* THE DATA

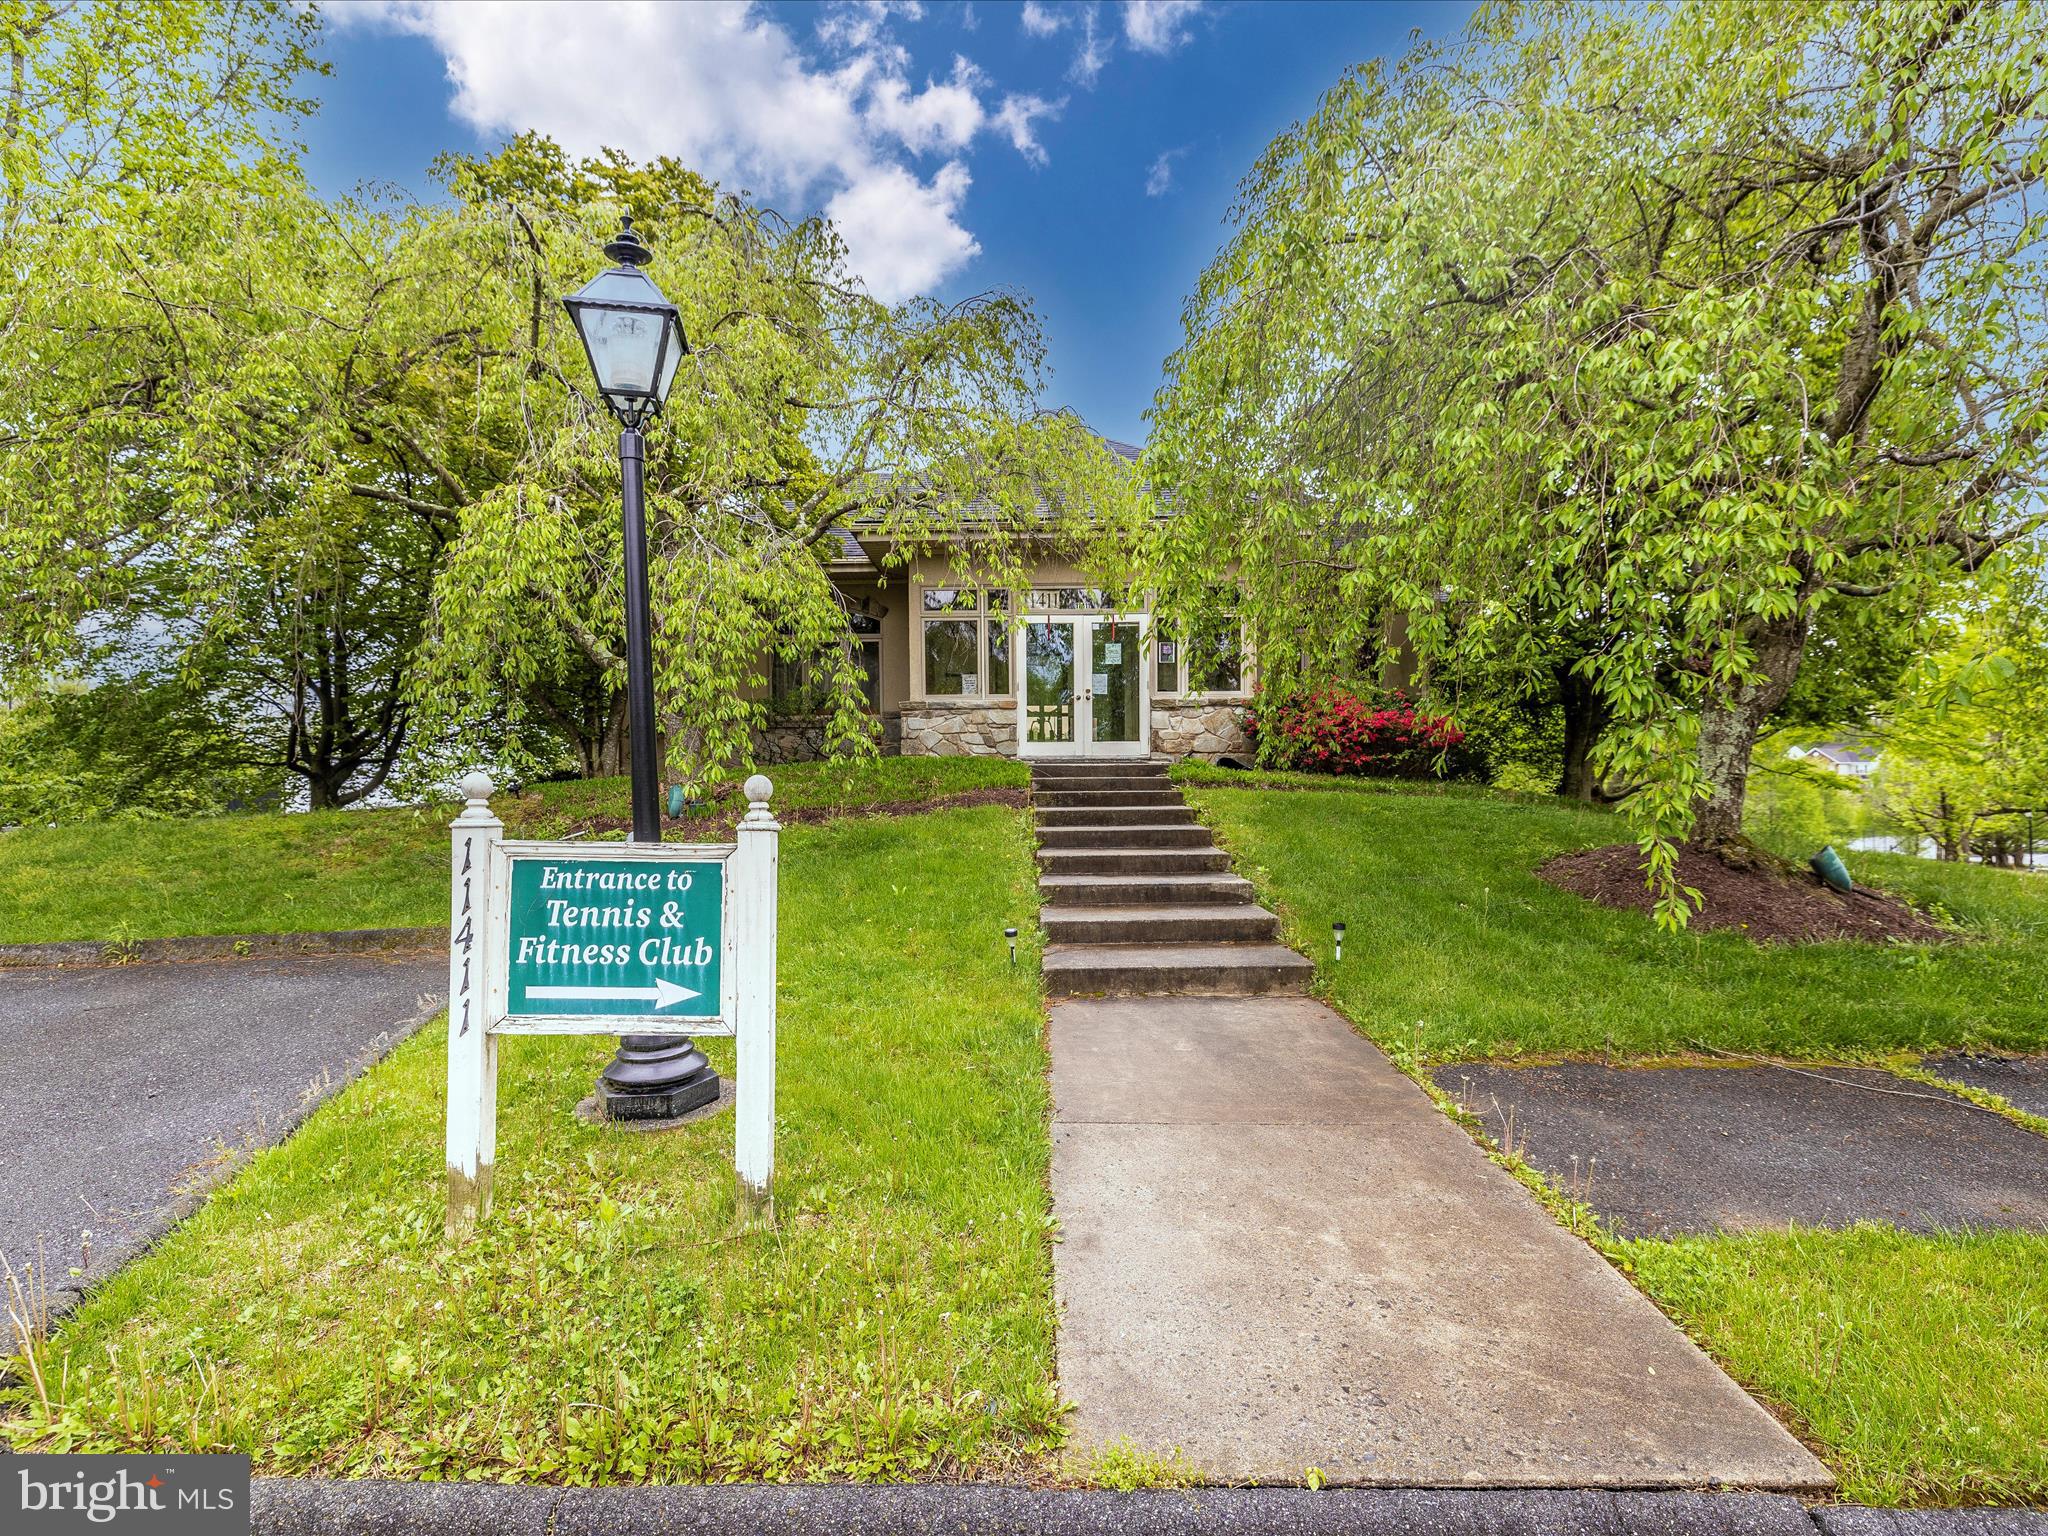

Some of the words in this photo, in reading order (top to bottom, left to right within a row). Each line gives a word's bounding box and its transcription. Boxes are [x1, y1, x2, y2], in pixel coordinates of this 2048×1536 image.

[540, 867, 661, 890] Entrance
[667, 869, 693, 890] to
[547, 899, 651, 928] Tennis
[659, 901, 684, 928] &
[454, 837, 474, 1037] 11411
[516, 935, 630, 965] Fitness
[639, 937, 713, 966] Club

* THE TASK
The answer should be the full material above, printed exactly, with no pictures in it.

* RESULT BELOW
Some of the words in this photo, in reading order (top to bottom, left to right within a row). Each line gives a word's bounding box and its transcription. Boxes are [x1, y1, x2, y2], in pixel coordinates of this 2048×1536 image.

[540, 867, 661, 890] Entrance
[667, 869, 693, 890] to
[547, 899, 651, 928] Tennis
[659, 901, 684, 928] &
[454, 837, 474, 1037] 11411
[516, 935, 630, 965] Fitness
[639, 937, 713, 966] Club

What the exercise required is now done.